TASK TO COMPLETE:
The following entries should be restated word for word, pictures excluded.

STUDY MATERIAL:
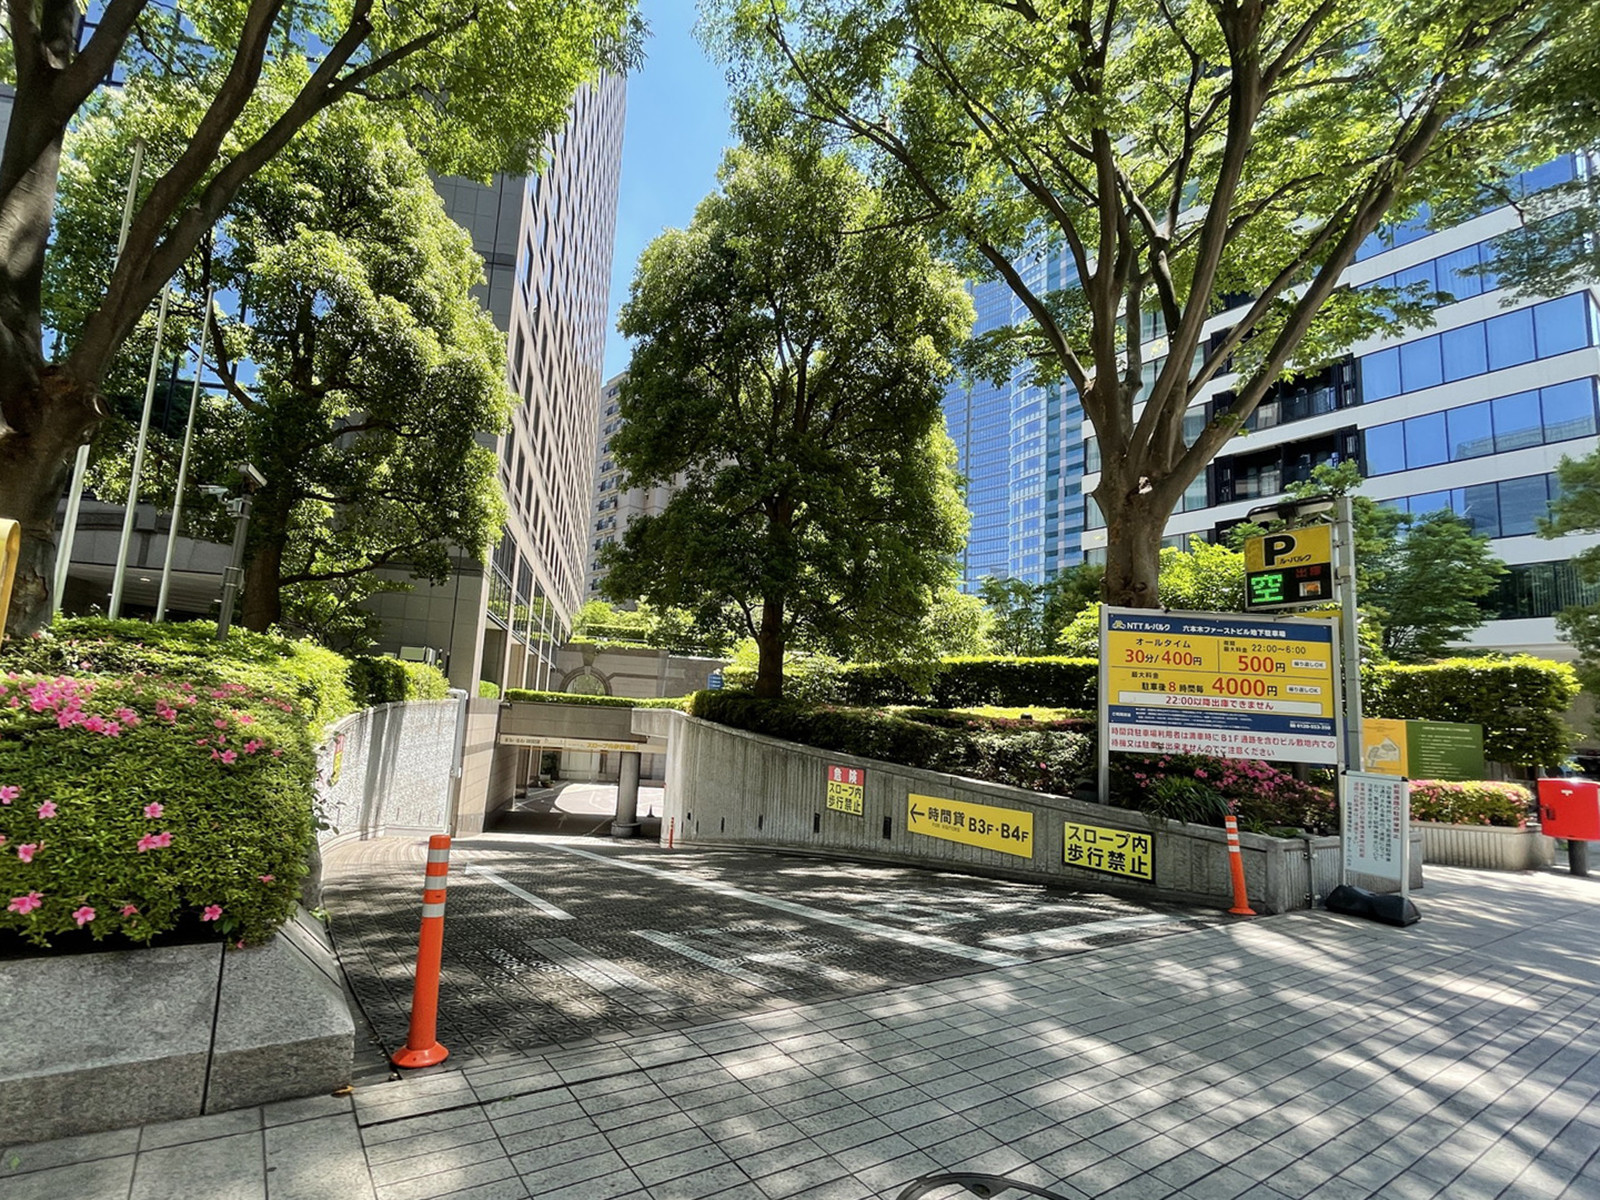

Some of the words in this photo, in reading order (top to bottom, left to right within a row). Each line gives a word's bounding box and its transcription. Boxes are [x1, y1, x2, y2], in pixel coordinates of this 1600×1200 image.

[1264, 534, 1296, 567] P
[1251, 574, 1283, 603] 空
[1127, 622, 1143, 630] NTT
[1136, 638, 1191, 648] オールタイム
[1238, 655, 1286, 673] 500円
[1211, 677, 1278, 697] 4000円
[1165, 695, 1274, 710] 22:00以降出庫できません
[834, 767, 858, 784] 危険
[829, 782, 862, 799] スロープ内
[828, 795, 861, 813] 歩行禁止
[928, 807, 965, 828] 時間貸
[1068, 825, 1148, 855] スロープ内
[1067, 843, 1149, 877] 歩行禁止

TASK RESULT:
Some of the words in this photo, in reading order (top to bottom, left to right within a row). Each line gives a word's bounding box and its transcription. Boxes are [x1, y1, x2, y2], in pixel coordinates of this 1600×1200 image.

[1264, 534, 1296, 567] P
[1251, 574, 1283, 603] 空
[1127, 622, 1143, 630] NTT
[1136, 638, 1191, 648] オールタイム
[1238, 655, 1286, 673] 500円
[1211, 677, 1278, 697] 4000円
[1165, 695, 1274, 710] 22:00以降出庫できません
[834, 767, 858, 784] 危険
[829, 782, 862, 799] スロープ内
[828, 795, 861, 813] 歩行禁止
[928, 807, 965, 828] 時間貸
[1068, 825, 1148, 855] スロープ内
[1067, 843, 1149, 877] 歩行禁止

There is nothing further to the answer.